**Exercise aim**
Please write out every line of the material, leaving out any picture.

**Input data**
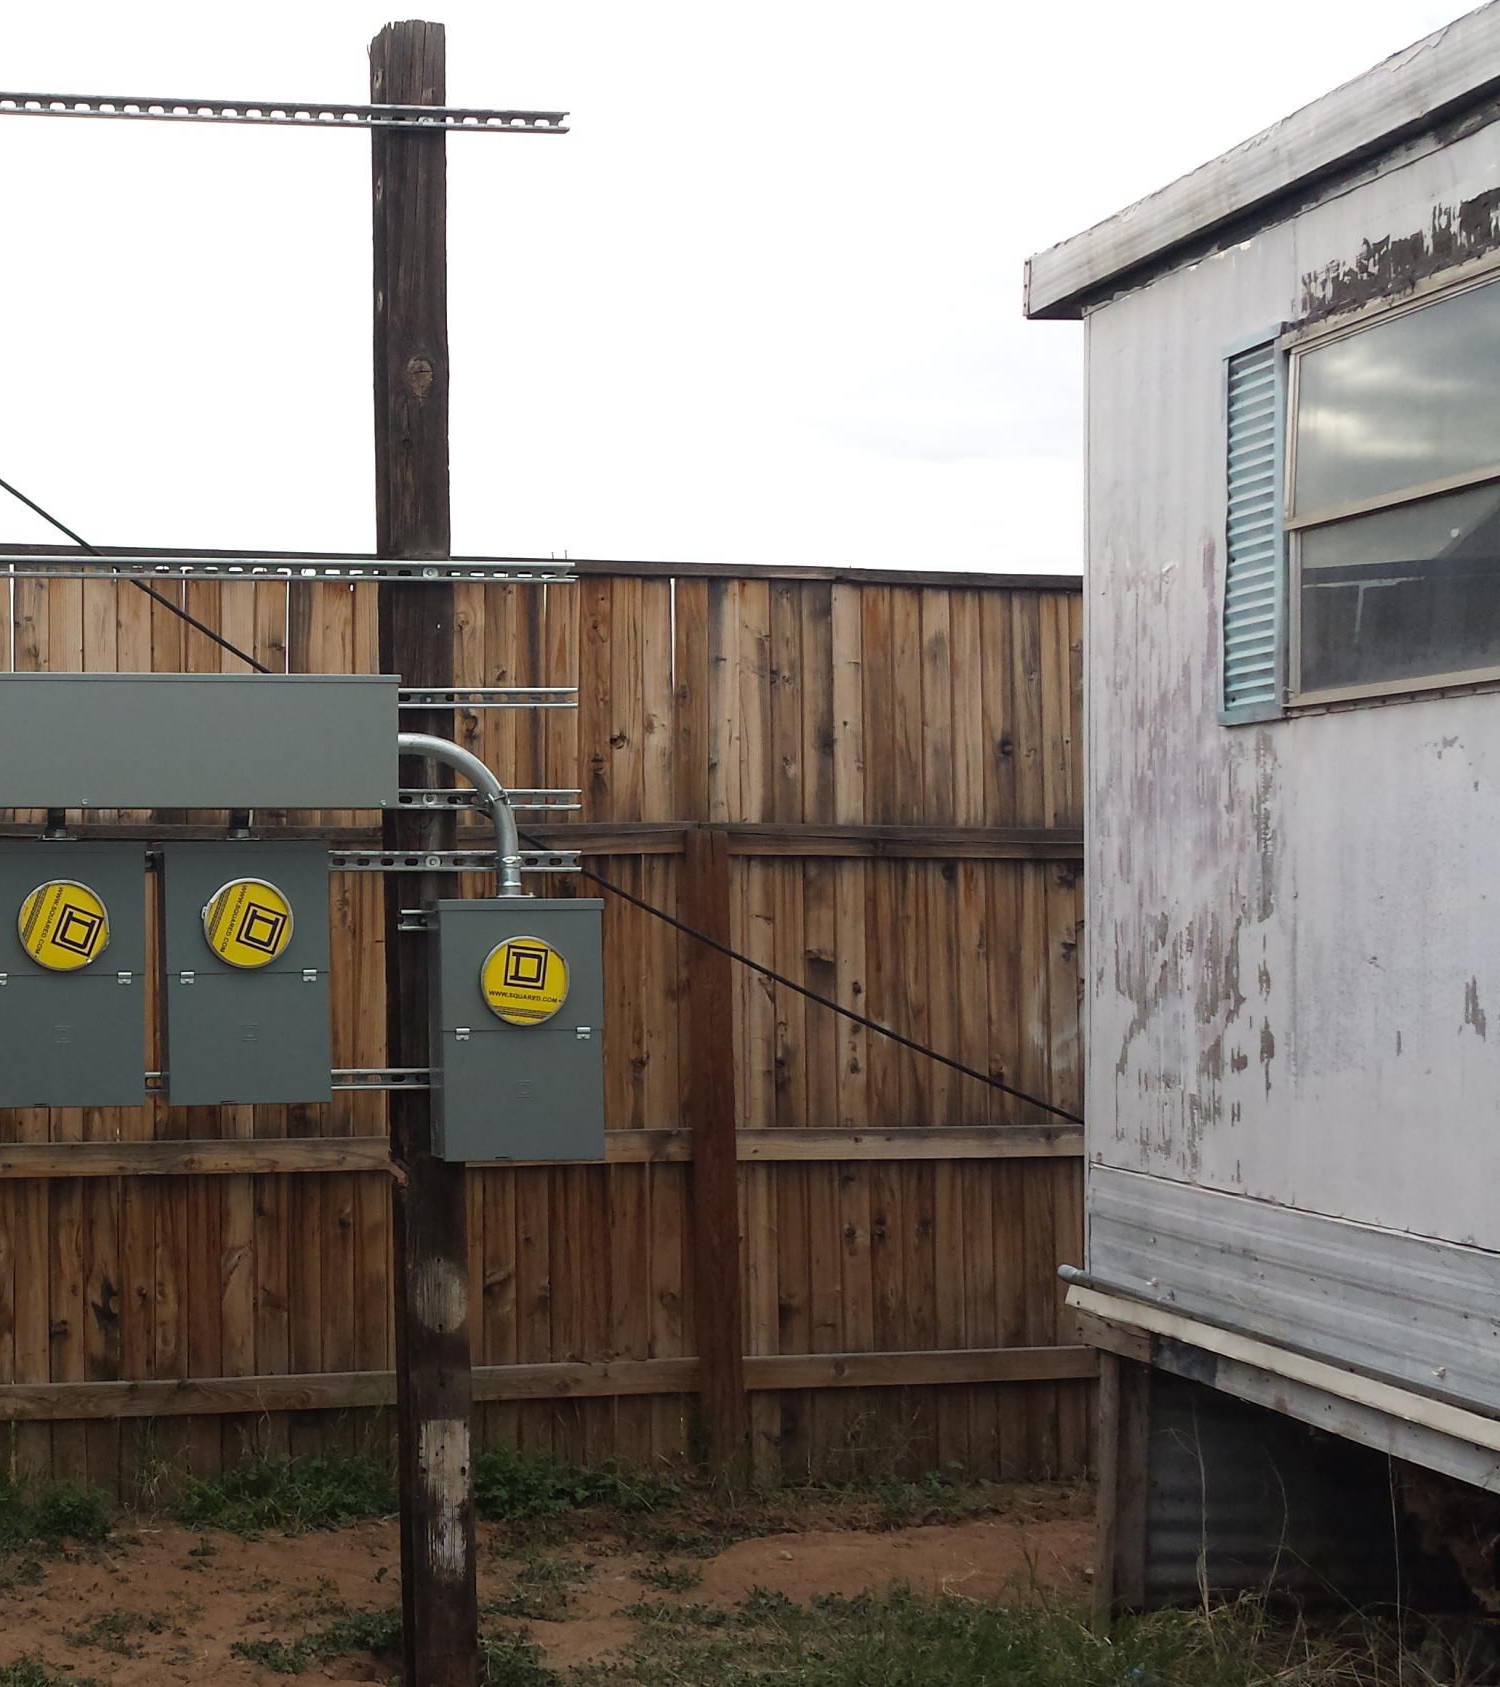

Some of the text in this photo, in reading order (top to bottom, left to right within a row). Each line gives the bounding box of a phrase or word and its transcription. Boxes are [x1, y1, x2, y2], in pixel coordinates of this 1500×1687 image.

[34, 887, 64, 955] WWW.SQUARED.COM
[219, 885, 248, 953] WWW.SQUARED.COM
[489, 990, 558, 1003] WWW.SQUARED.COM
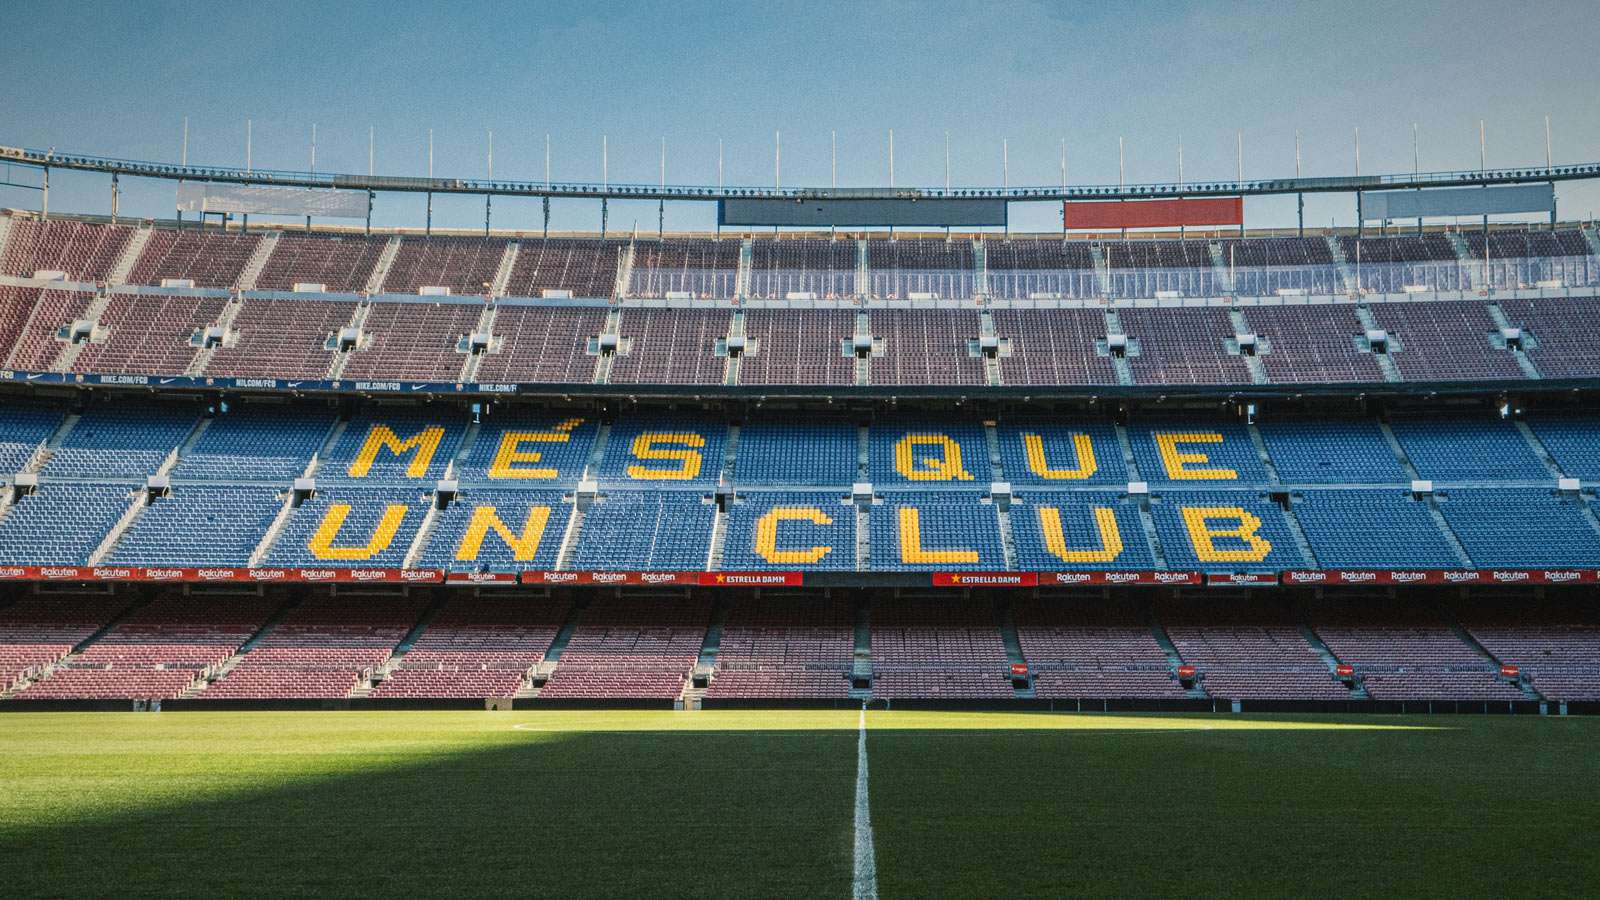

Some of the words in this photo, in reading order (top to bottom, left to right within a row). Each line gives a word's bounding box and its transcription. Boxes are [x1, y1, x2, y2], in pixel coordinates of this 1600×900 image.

[100, 375, 148, 384] NIKE.COM/FCB
[355, 382, 401, 391] NIKE.COM/FCB
[896, 431, 1238, 480] QUE
[307, 504, 552, 562] UN
[755, 506, 1272, 564] CLUB
[41, 568, 77, 576] Rakuten
[93, 568, 129, 577] Rakuten
[146, 569, 182, 578] Rakuten
[198, 569, 233, 578] Rakuten
[249, 570, 284, 578] Rakuten
[301, 570, 336, 578] Rakuten
[351, 570, 386, 578] Rakuten
[401, 570, 435, 579] Rakuten
[1154, 572, 1188, 581] Rakuten
[1291, 572, 1326, 580] Rakuten
[1341, 571, 1376, 580] Rakuten
[1391, 571, 1426, 580] Rakuten
[1443, 571, 1479, 580] Rakuten
[1493, 571, 1529, 580] Rakuten
[1544, 571, 1580, 579] Rakuten
[592, 573, 627, 581] Rakuten
[641, 573, 676, 581] Rakuten
[1056, 573, 1090, 581] Rakuten
[1105, 573, 1139, 581] Rakuten
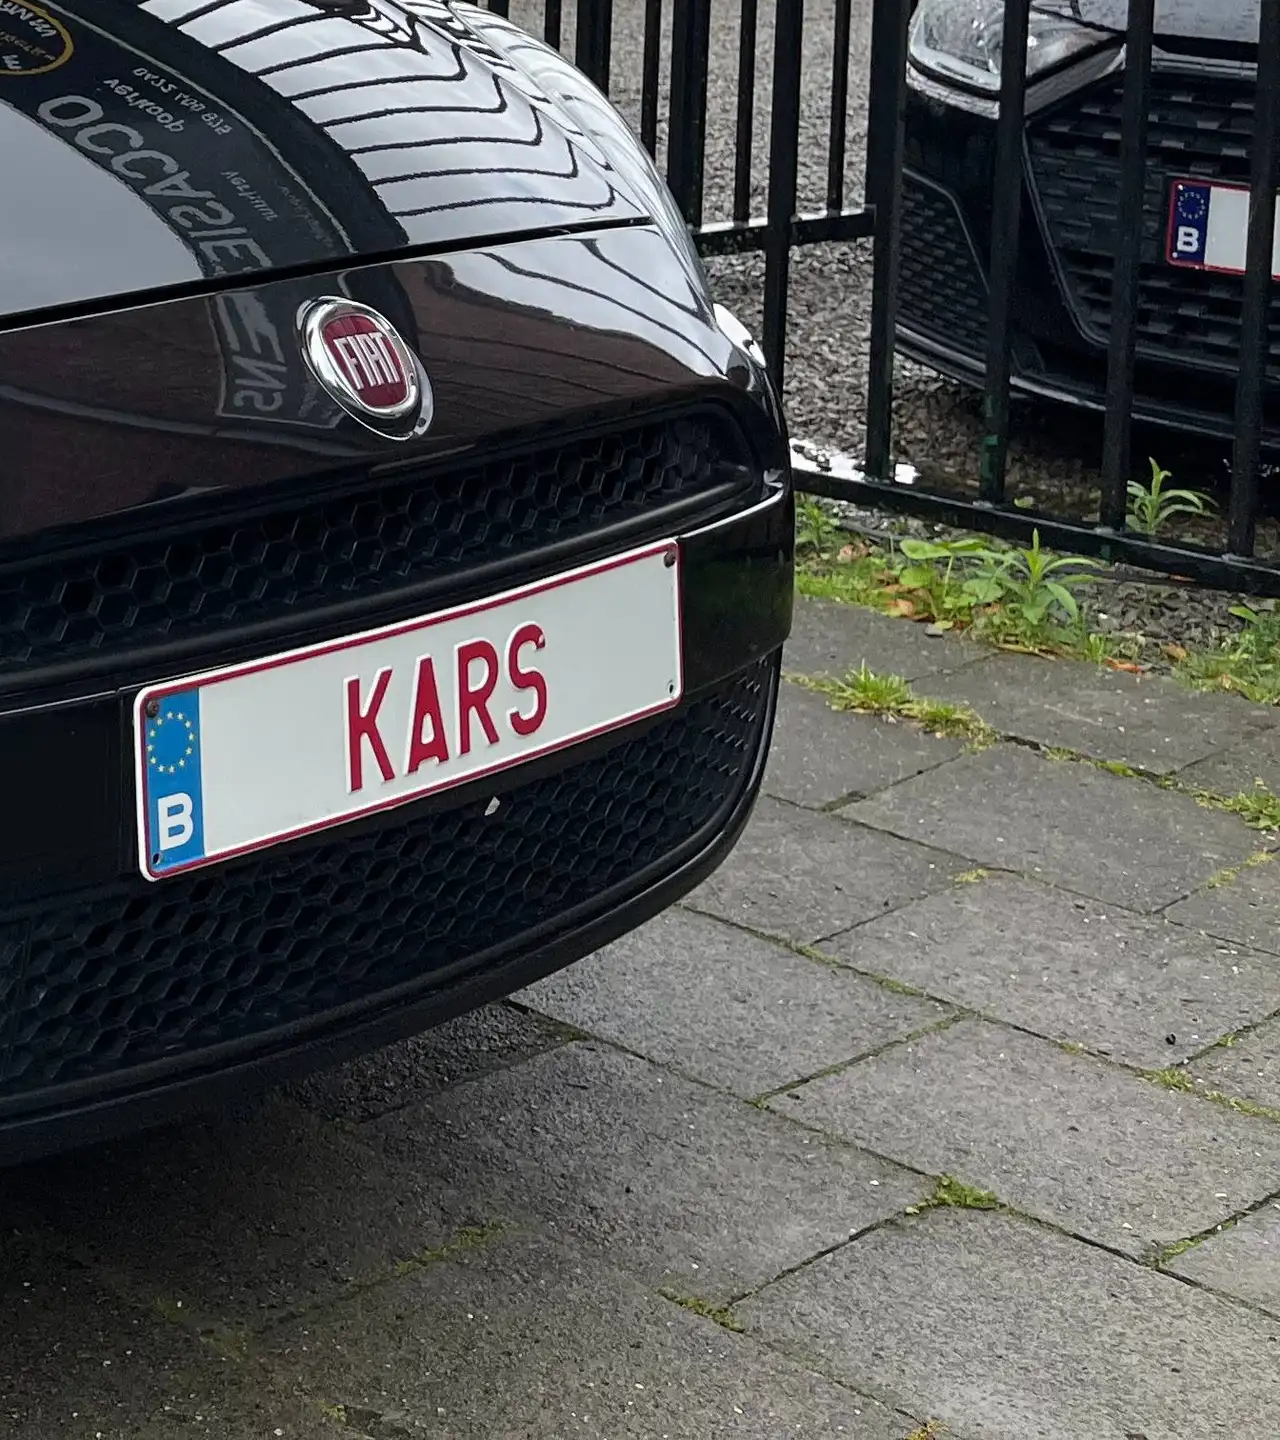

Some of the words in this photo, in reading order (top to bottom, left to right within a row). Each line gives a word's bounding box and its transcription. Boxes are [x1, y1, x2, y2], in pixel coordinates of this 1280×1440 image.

[1175, 226, 1200, 255] B
[332, 331, 401, 390] FIAT
[156, 792, 194, 850] B
[343, 620, 548, 795] KARS
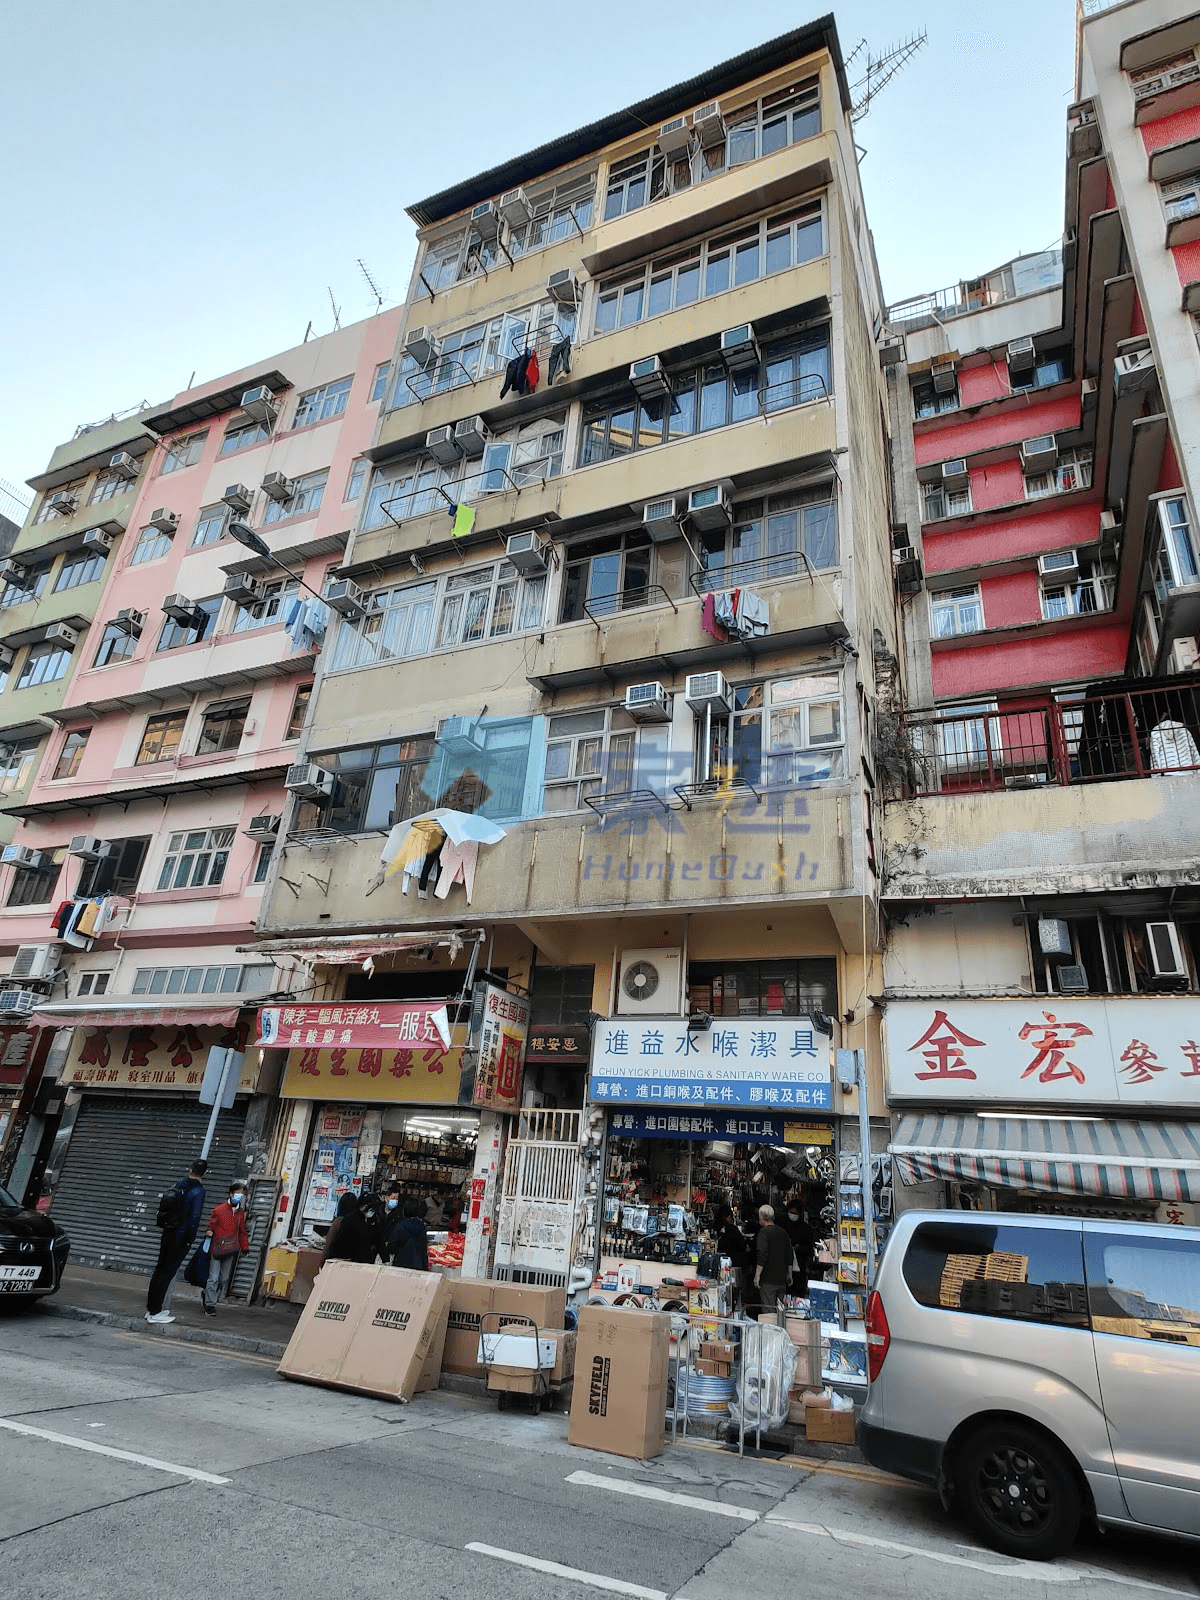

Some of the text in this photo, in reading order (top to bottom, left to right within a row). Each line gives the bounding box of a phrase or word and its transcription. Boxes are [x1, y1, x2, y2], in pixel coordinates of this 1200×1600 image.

[604, 1029, 819, 1059] 進益水喉潔具
[907, 1009, 1094, 1085] 金宏
[598, 1067, 828, 1082] CHUN YICK PLUMBING & SANITARY WARE CO.
[17, 1268, 36, 1278] 448
[317, 1300, 351, 1314] SKYFIELD
[375, 1308, 411, 1323] SKYFIELD
[448, 1310, 481, 1324] SKYFIELD
[588, 1355, 604, 1415] SKYFIELD

**Exercise output**
Some of the text in this photo, in reading order (top to bottom, left to right within a row). Each line gives the bounding box of a phrase or word and its transcription. Boxes are [x1, y1, x2, y2], in pixel coordinates of this 1500×1687 image.

[34, 887, 64, 955] WWW.SQUARED.COM
[219, 885, 248, 953] WWW.SQUARED.COM
[489, 990, 558, 1003] WWW.SQUARED.COM

Some of the words in this photo, in reading order (top to bottom, left to right within a row). Each line gives a word's bounding box and its transcription. Boxes are [x1, y1, x2, y2], in pixel coordinates of this 1600×900 image.

[100, 375, 148, 384] NIKE.COM/FCB
[355, 382, 401, 391] NIKE.COM/FCB
[896, 431, 1238, 480] QUE
[307, 504, 552, 562] UN
[755, 506, 1272, 564] CLUB
[41, 568, 77, 576] Rakuten
[93, 568, 129, 577] Rakuten
[146, 569, 182, 578] Rakuten
[198, 569, 233, 578] Rakuten
[249, 570, 284, 578] Rakuten
[301, 570, 336, 578] Rakuten
[351, 570, 386, 578] Rakuten
[401, 570, 435, 579] Rakuten
[1154, 572, 1188, 581] Rakuten
[1291, 572, 1326, 580] Rakuten
[1341, 571, 1376, 580] Rakuten
[1391, 571, 1426, 580] Rakuten
[1443, 571, 1479, 580] Rakuten
[1493, 571, 1529, 580] Rakuten
[1544, 571, 1580, 579] Rakuten
[592, 573, 627, 581] Rakuten
[641, 573, 676, 581] Rakuten
[1056, 573, 1090, 581] Rakuten
[1105, 573, 1139, 581] Rakuten

Some of the words in this photo, in reading order (top to bottom, left to right within a row). Each line gives a word's bounding box and its transcription. Boxes are [x1, y1, x2, y2], in pixel coordinates of this 1280×1440 image.

[1175, 226, 1200, 255] B
[332, 331, 401, 390] FIAT
[156, 792, 194, 850] B
[343, 620, 548, 795] KARS

Some of the text in this photo, in reading order (top to bottom, left to right within a row). Each line gives the bounding box of a phrase or word and its transcription. Boxes are [x1, y1, x2, y2], in pixel coordinates of this 1200×1600 image.

[604, 1029, 819, 1059] 進益水喉潔具
[907, 1009, 1094, 1085] 金宏
[598, 1067, 828, 1082] CHUN YICK PLUMBING & SANITARY WARE CO.
[17, 1268, 36, 1278] 448
[317, 1300, 351, 1314] SKYFIELD
[375, 1308, 411, 1323] SKYFIELD
[448, 1310, 481, 1324] SKYFIELD
[588, 1355, 604, 1415] SKYFIELD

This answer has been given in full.